[Material for this exercise]
────────

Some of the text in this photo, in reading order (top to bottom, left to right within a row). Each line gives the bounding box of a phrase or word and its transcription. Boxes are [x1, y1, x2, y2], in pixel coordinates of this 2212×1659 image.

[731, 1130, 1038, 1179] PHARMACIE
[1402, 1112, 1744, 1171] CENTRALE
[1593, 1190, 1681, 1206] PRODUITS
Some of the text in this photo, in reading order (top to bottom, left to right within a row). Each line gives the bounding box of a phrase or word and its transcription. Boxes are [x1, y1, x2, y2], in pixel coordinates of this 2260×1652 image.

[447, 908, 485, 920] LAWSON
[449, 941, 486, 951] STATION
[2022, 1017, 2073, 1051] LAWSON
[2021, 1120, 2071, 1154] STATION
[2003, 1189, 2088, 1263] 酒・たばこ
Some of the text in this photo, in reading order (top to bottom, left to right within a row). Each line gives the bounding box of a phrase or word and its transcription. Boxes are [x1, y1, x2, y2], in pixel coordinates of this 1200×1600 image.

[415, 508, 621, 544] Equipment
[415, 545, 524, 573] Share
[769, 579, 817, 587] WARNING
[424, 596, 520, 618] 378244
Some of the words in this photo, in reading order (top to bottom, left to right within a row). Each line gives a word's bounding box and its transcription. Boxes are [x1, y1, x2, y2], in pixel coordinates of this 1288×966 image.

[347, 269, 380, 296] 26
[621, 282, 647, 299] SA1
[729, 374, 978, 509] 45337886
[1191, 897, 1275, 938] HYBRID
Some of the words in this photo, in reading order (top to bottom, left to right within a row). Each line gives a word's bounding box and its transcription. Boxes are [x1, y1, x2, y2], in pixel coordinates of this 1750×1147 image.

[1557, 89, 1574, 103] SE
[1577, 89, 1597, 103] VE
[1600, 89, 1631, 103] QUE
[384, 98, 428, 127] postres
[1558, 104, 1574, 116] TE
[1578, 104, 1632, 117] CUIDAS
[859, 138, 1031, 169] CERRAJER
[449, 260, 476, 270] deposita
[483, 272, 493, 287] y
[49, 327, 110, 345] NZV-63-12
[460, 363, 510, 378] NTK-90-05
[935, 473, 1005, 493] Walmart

────────

[Your task] Write the records out again so that each one matches the original exactly.

[Your response]
Some of the text in this photo, in reading order (top to bottom, left to right within a row). Each line gives the bounding box of a phrase or word and its transcription. Boxes are [x1, y1, x2, y2], in pixel coordinates of this 2212×1659 image.

[731, 1130, 1038, 1179] PHARMACIE
[1402, 1112, 1744, 1171] CENTRALE
[1593, 1190, 1681, 1206] PRODUITS
Some of the text in this photo, in reading order (top to bottom, left to right within a row). Each line gives the bounding box of a phrase or word and its transcription. Boxes are [x1, y1, x2, y2], in pixel coordinates of this 2260×1652 image.

[447, 908, 485, 920] LAWSON
[449, 941, 486, 951] STATION
[2022, 1017, 2073, 1051] LAWSON
[2021, 1120, 2071, 1154] STATION
[2003, 1189, 2088, 1263] 酒・たばこ
Some of the text in this photo, in reading order (top to bottom, left to right within a row). Each line gives the bounding box of a phrase or word and its transcription. Boxes are [x1, y1, x2, y2], in pixel coordinates of this 1200×1600 image.

[415, 508, 621, 544] Equipment
[415, 545, 524, 573] Share
[769, 579, 817, 587] WARNING
[424, 596, 520, 618] 378244
Some of the words in this photo, in reading order (top to bottom, left to right within a row). Each line gives a word's bounding box and its transcription. Boxes are [x1, y1, x2, y2], in pixel coordinates of this 1288×966 image.

[347, 269, 380, 296] 26
[621, 282, 647, 299] SA1
[729, 374, 978, 509] 45337886
[1191, 897, 1275, 938] HYBRID
Some of the words in this photo, in reading order (top to bottom, left to right within a row). Each line gives a word's bounding box and its transcription. Boxes are [x1, y1, x2, y2], in pixel coordinates of this 1750×1147 image.

[1557, 89, 1574, 103] SE
[1577, 89, 1597, 103] VE
[1600, 89, 1631, 103] QUE
[384, 98, 428, 127] postres
[1558, 104, 1574, 116] TE
[1578, 104, 1632, 117] CUIDAS
[859, 138, 1031, 169] CERRAJER
[449, 260, 476, 270] deposita
[483, 272, 493, 287] y
[49, 327, 110, 345] NZV-63-12
[460, 363, 510, 378] NTK-90-05
[935, 473, 1005, 493] Walmart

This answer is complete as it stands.